British troops fired in the air as Iraqis, angry over fuel and power shortages, rioted in the southern port of Basra on Saturday.
Witnesses said residents hurled rocks and burned tyres in all Basra's main streets as Iraqis raged in the blistering summer heat over the tortoise-like pace of the coalition force's reconstruction efforts in Iraq's second biggest city.
The rioting started minutes after witnesses said a grenade was hurled at a British military truck near a gasoline station, where fed-up Iraqis waited in a long line for fuel, angered by the fact they were queuing for hours in a country with the world's second largest oil reserves.
Four British armoured vehicles and three jeeps came to seal off the area, while a crowd lobbed rocks at them, a witness said.
The soldiers fired in the air to ward off the crowd and then started to shoot rubber bullets, wounding at least four Iraqis, including a child, witnesses said.
The crowd, with some women in headscarves firing off Kalashnikovs in the air, grew to more than 2,000 and shouted in anger over the gasoline shortage in the city, they added.

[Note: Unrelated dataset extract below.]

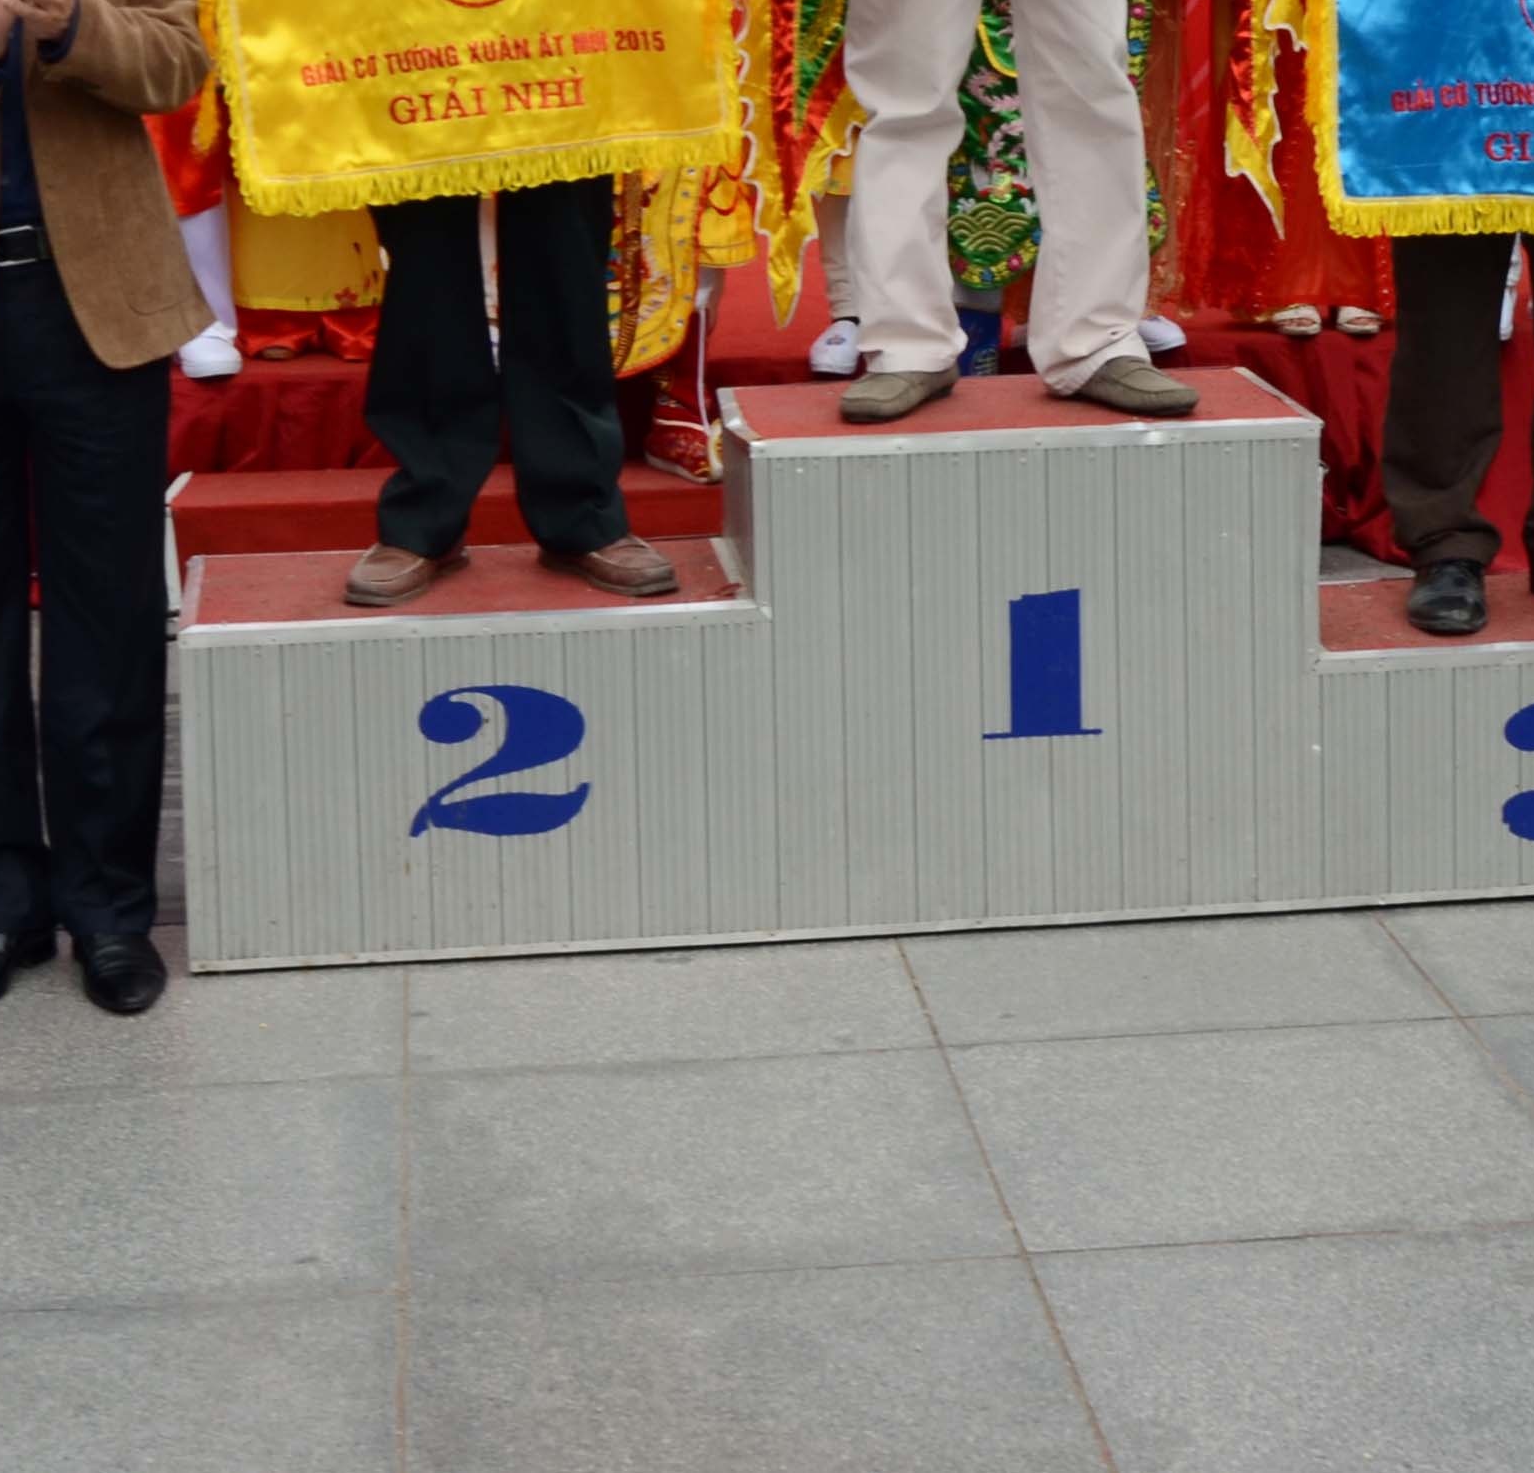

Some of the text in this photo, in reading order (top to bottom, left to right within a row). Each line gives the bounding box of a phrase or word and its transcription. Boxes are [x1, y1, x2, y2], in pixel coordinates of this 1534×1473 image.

Major Charlie Mayo, spokesman for the coalition forces in the south, said he was not aware of any grenade attack.
But he blamed the rioting on the city's fuel shortages and a power blackout in parts of Basra, after an electricity station went down.
The riot's fuse was lit when customers turned violent at a gas station where the owner had started to charge black market prices, he said.

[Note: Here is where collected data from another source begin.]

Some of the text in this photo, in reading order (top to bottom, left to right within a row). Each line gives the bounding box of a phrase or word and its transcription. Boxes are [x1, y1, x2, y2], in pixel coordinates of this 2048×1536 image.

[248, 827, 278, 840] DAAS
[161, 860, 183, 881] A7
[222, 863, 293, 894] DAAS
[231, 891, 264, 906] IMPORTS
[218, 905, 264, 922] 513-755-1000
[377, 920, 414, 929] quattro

"They started to riot and coalition forces went in to quell the situation," Mayo explained. "One thing fed the other."
The chaos quickly spread to four other fuel stations, he said, adding the crowds attacked the British troops who tried to calm the situation.
The British military said seven of its soldiers had been injured and were hospitalised for "big bruises and some cuts".

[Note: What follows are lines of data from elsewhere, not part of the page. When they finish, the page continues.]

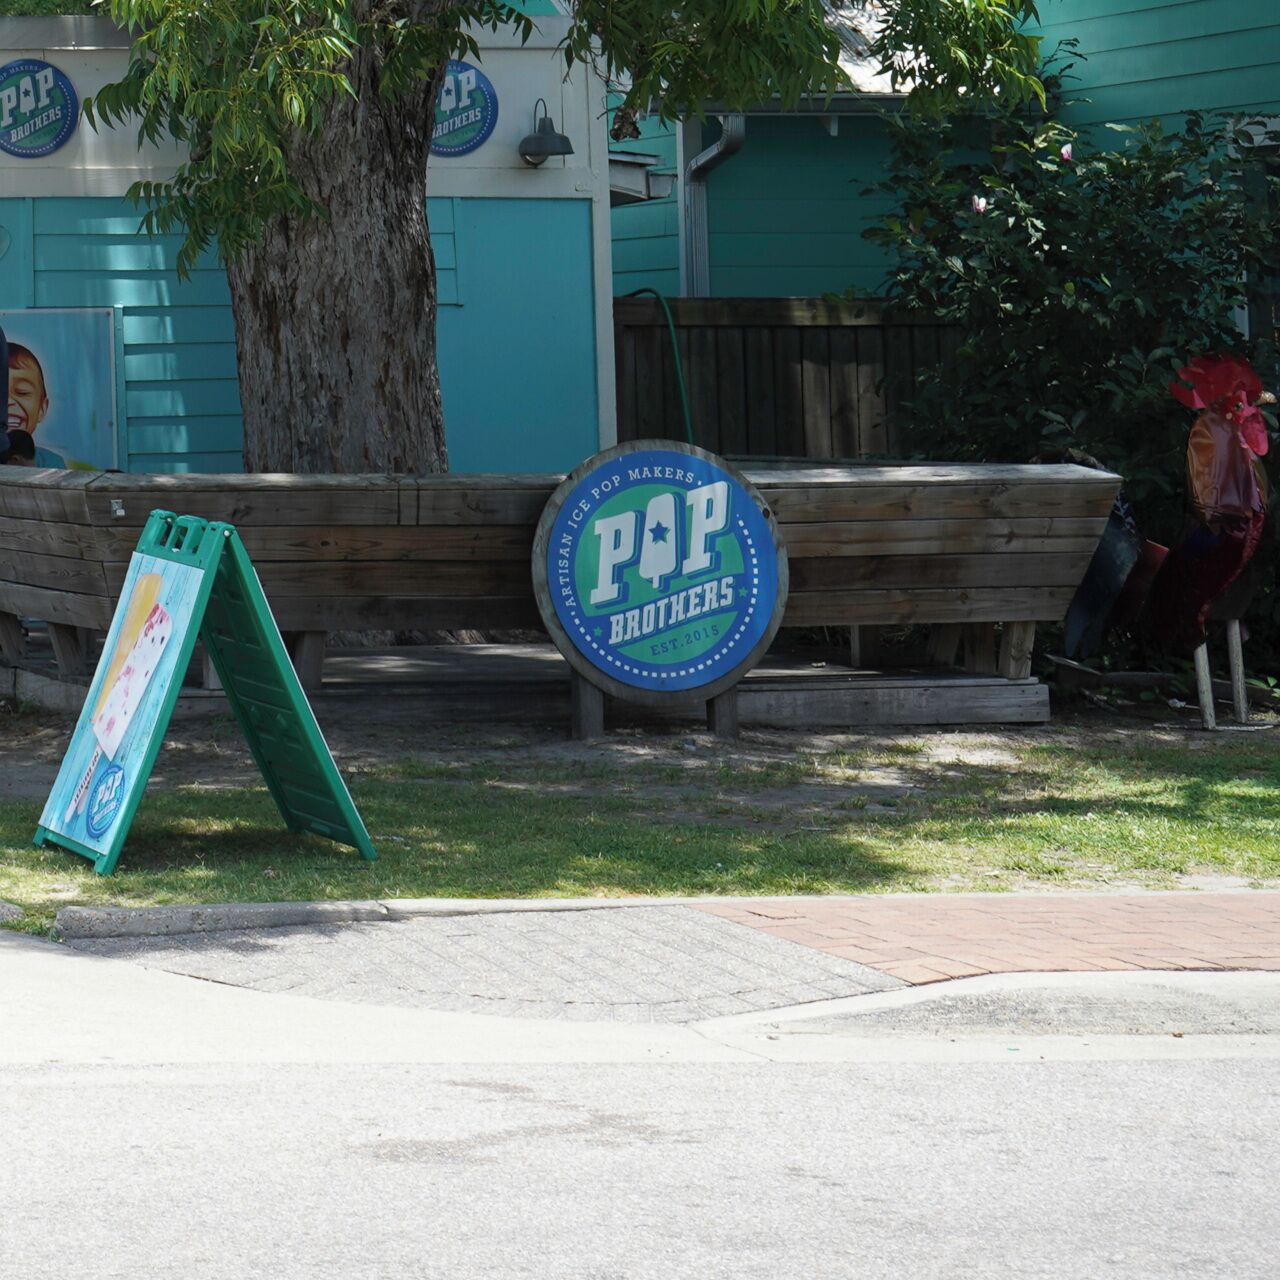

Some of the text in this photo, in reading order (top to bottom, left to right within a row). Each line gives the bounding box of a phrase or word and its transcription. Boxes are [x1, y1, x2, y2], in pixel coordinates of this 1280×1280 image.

[10, 105, 62, 143] BROTHERS
[558, 532, 578, 608] ARTISAN
[568, 498, 591, 529] ICE
[590, 474, 622, 500] POP
[589, 480, 731, 606] POP
[608, 575, 735, 646] BROTHERS

The rioting was one of the most widespread violence seen in the mostly Shi'ite Muslim south since Saddam Hussein was toppled by US-led forces four months ago.
The Basra violence was a reminder US-led forces not only face problems among the Sunni Muslim minority in Saddam's heartlands north and west of Baghdad.
US troops face daily attacks in those areas, blaming them mainly on die-hard Saddam loyalists but saying there is evidence of foreign terrorists coming to Iraq to target Americans.
More than 50 US troops have been killed by hostile fire since US President George W Bush declared major combat in Iraq over 100 days ago on May 1.